The python dependencies can be installed (in a project-specific virtual environment) by:

$ poetry shell  # enter project-specific virtual environment

From now on, every command which should be run under the virtual environment (which looks like (wav2vec-speaker-identification- -py ) $ ) which is shortened to (xxx) $ .

Then install all required python packages:

(xxx) $ pip install -U pip
(xxx) $ poetry update # install dependencies 

Because PyTorch is currently serving the packages on PiPY incorrectly, we need to use pip to install the specific PyTorch versions we need.

(xxx) $ pip install -r requirements/requirements_cuda101.txt # if CUDA 10.1
(xxx) $ pip install -r requirements/requirements_cuda110.txt # if CUDA 11.0

Make sure to modify/create a requirements file for your operating system and CUDA version.

Finally, install the local package in the virtual environment by running

(xxx) $ poetry install

Setting up the environment

Copy the example environment variables:

$ cp .env.example .env 

You can then fill in .env accordingly.

Downloading and using voxceleb1 and 2

I've experienced that the download links for voxceleb1/2 can be unstable. I recommend manually downloading the dataset from the google drive link displayed on https://www.robots.ox.ac.uk/~vgg/data/voxceleb/vox1.html.

You should end up 4 zip files, which should be placed in $DATA_FOLDER/voxceleb_archives.

  1. vox1_dev_wav.zip
  2. vox1_test_wav.zip
  3. vox2_dev_aac.zip
  4. vox2_test_aac.zip

You should also download the meta files of voxceleb. You can use preparation_scripts/download_pretrained_models.sh to download them to the expected location $DATA_FOLDER/voxceleb_meta.
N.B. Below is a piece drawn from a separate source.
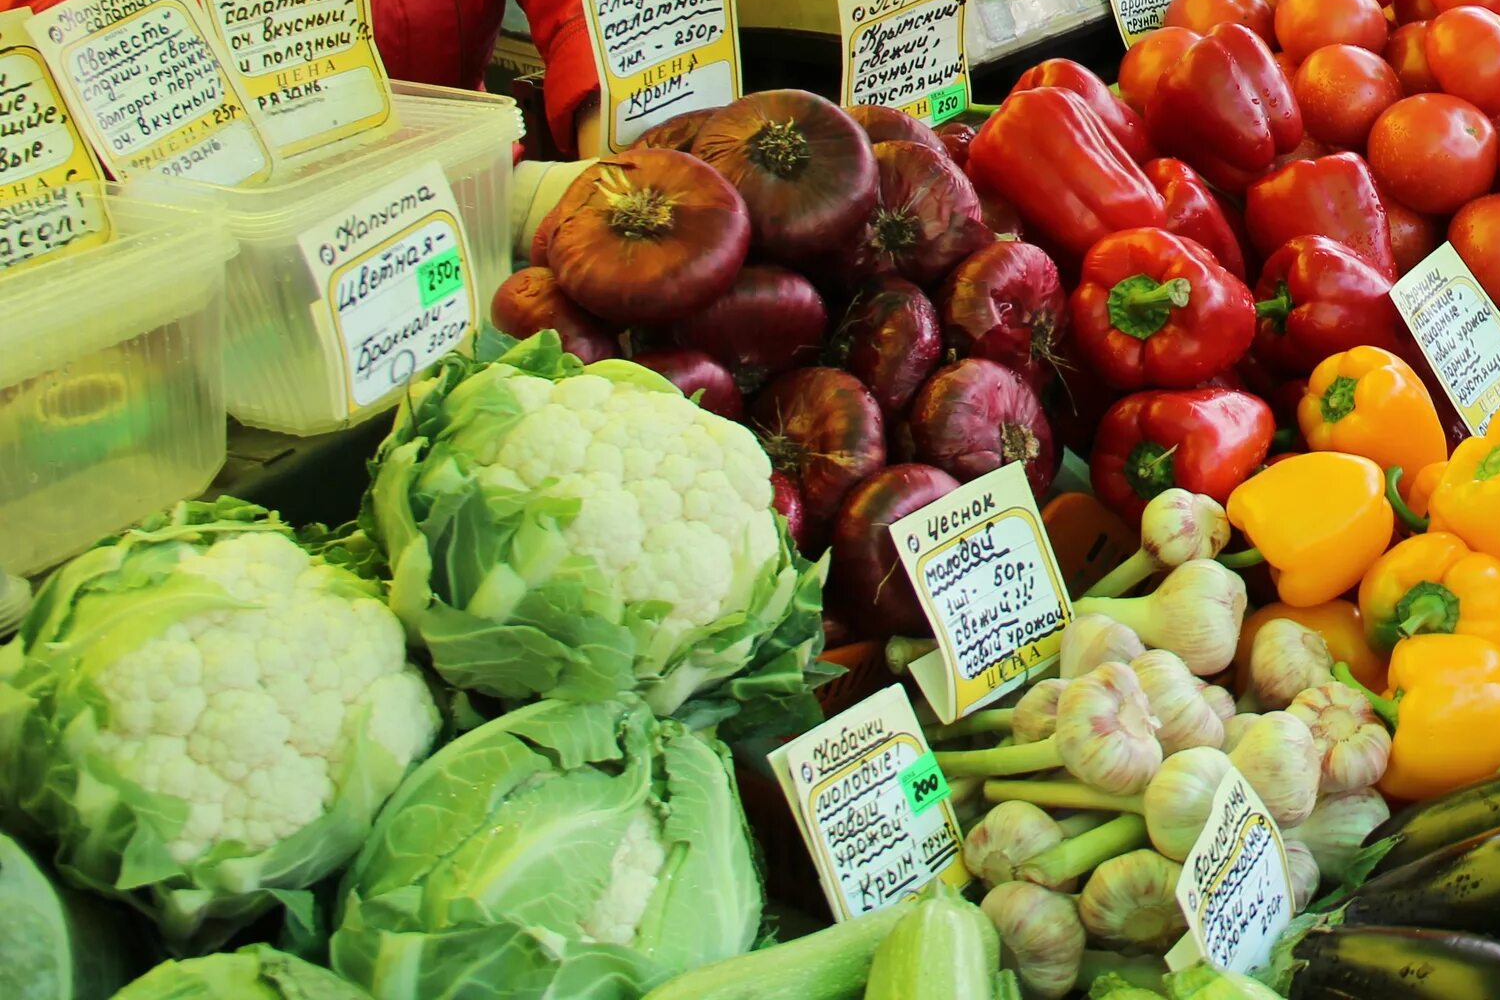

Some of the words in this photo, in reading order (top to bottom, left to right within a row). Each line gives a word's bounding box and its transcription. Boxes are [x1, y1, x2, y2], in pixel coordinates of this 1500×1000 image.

Converting voxceleb2 data from .m4a to .wav

This requires ffmpeg to be installed on the machine. Check with ffmpeg -version. Assuming the voxceleb2 data is placed at $DATA_FOLDER/voxceleb_archives/vox2_dev_aac.zip and $DATA_FOLDER/voxceleb_archives/vox2_test_aac.zip, run the following commands, starting from the root project directory.

source .env

PDIR=$PWD # folder where this README is located
D=$DATA_FOLDER # location of data - should be set in .env file 
WORKERS=$(nproc --all) # number of CPUs available 

# extract voxceleb 2 data
cd $D
mkdir -p convert_tmp/train convert_tmp/test

unzip voxceleb_archives/vox2_dev_aac.zip -d convert_tmp/train
unzip voxceleb_archives/vox2_test_aac.zip -d convert_tmp/test

# run the conversion script
cd $PDIR
poetry run python preparation_scripts/voxceleb2_convert_to_wav.py $D/convert_tmp --num_workers $WORKERS

# rezip the converted data
cd $D/convert_tmp/train
zip $D/voxceleb_archives/vox2_dev_wav.zip wav -r

cd $D/convert_tmp/test
zip $D/voxceleb_archives/vox2_test_wav.zip wav -r

# delete the unzipped .m4a files
cd $D
rm -r convert_tmp

Note that this process can take a few hours on a fast machine and day(s) on a single (slow) cpu. Make sure to save the vox2_dev_wav.zip and vox2_test_wav.zip files somewhere secure, so you don't have redo this process :).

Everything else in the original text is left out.